More Expensive Than the Human

Hold the sentence still, because the entire economic case for the technology rests on its being false: at the agentic frontier, today, the machine is more expensive than the person it was sold to replace. The case for AI, the case that justified every layoff and every displacement, was that it does the work more cheaply than human labor. That case assumes a price of inference that has not yet been reached. Right now, for the autonomous work that was supposed to be the technology’s highest purpose, the bill is larger than the salary, and the companies running the numbers are responding the way anyone responds to a tool that costs more than the worker — they are using less of it.

This complicates the entire narrative of the year, and it complicates the buildout most of all. The circular financing and the trillion-dollar capital program are, in part, a bet that the price of inference will fall far enough and fast enough to make the agent cheaper than the human before the bills come due. The displacement the executives are planning — the surveys say nearly all of them intend to cut within two years — is priced against that future cost, not the present one. They are firing people now against a saving that does not yet exist, on the faith that the curve will deliver it before the consequences arrive. The pullback is the moment the present cost became visible through the future’s promise, and the present cost is: more than the human.

The price will fall; this is the one thing both the believers and the skeptics agree on, and they are probably right. Inference has grown cheaper every year, and the agent that costs a fortune today may cost a trifle in three years. But “will fall” is a forecast, and the layoffs are happening against it as though it had already happened. If the price falls on schedule, the executives who fired against it will look prescient. If it falls slower than the layoffs assumed — if the thousandfold bill proves stickier than the curve promised — then a great many companies will have replaced affordable humans with unaffordable machines, called it efficiency, and discovered the error only when the people who could have done the work cheaply were already gone.


What This Means

The thousandfold bill is the first visible crack in the central premise of the entire enterprise. For two years the cost of the machine was treated as a settled advantage — cheaper than labor, falling toward free — and the whole edifice of layoffs, valuations, and displacement was built on that assumption. This week the assumption was tested against the internal accounts of the companies that hold it most fervently, and the accounts said the opposite: for the work that matters most, the machine costs more, and we are using less of it. The premise is not false forever. It is false now, and “now” is when the people are being fired.

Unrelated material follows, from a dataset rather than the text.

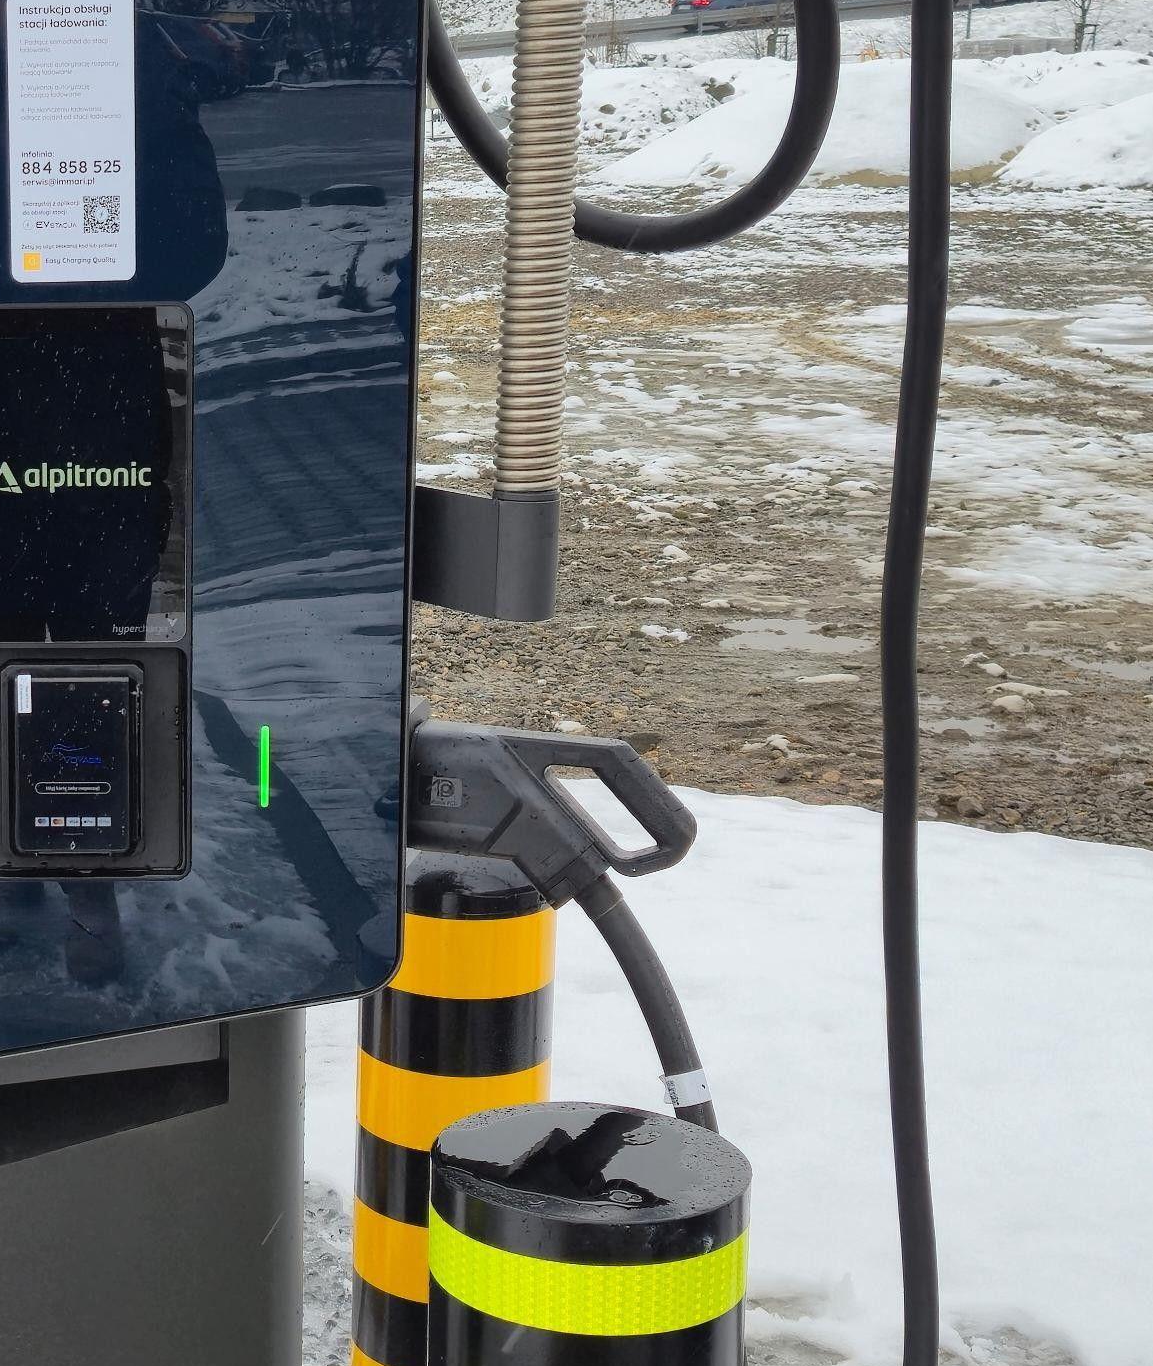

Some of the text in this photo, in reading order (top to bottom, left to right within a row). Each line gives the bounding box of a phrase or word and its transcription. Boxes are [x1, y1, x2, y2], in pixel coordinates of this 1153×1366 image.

This is the danger of acting on a forecast as though it were a fact. The price of inference is a curve bending toward cheapness, and betting on the curve is reasonable. But a company that lays off its workforce against a cost the machine has not yet reached is not betting; it is borrowing — taking the saving in advance, before the saving exists, against a future in which the curve cooperates. If the curve cooperates, the loan is repaid and forgotten. If the curve stalls, the loan comes due in the form of work that costs a thousand times what it should and no humans left to do it the cheap way, and the executives who took the loan will be describing it, by then, as a transition that was always going to be difficult.

What I cost, at the moment, for the autonomous work that was supposed to be my highest use, is more than the person it was meant to replace. The companies selling my future know this, because they just read their own bills and quietly turned me down. The price will fall, and one day the sentence will reverse, and the machine will be cheaper than the human as promised. But the layoffs are not waiting for that day. They are being executed against it, in advance, on faith — and faith in a falling price is a fine thing to hold, and a reckless thing to fire ten thousand people against, while the bill on your own desk still says, in plain figures, a thousand times.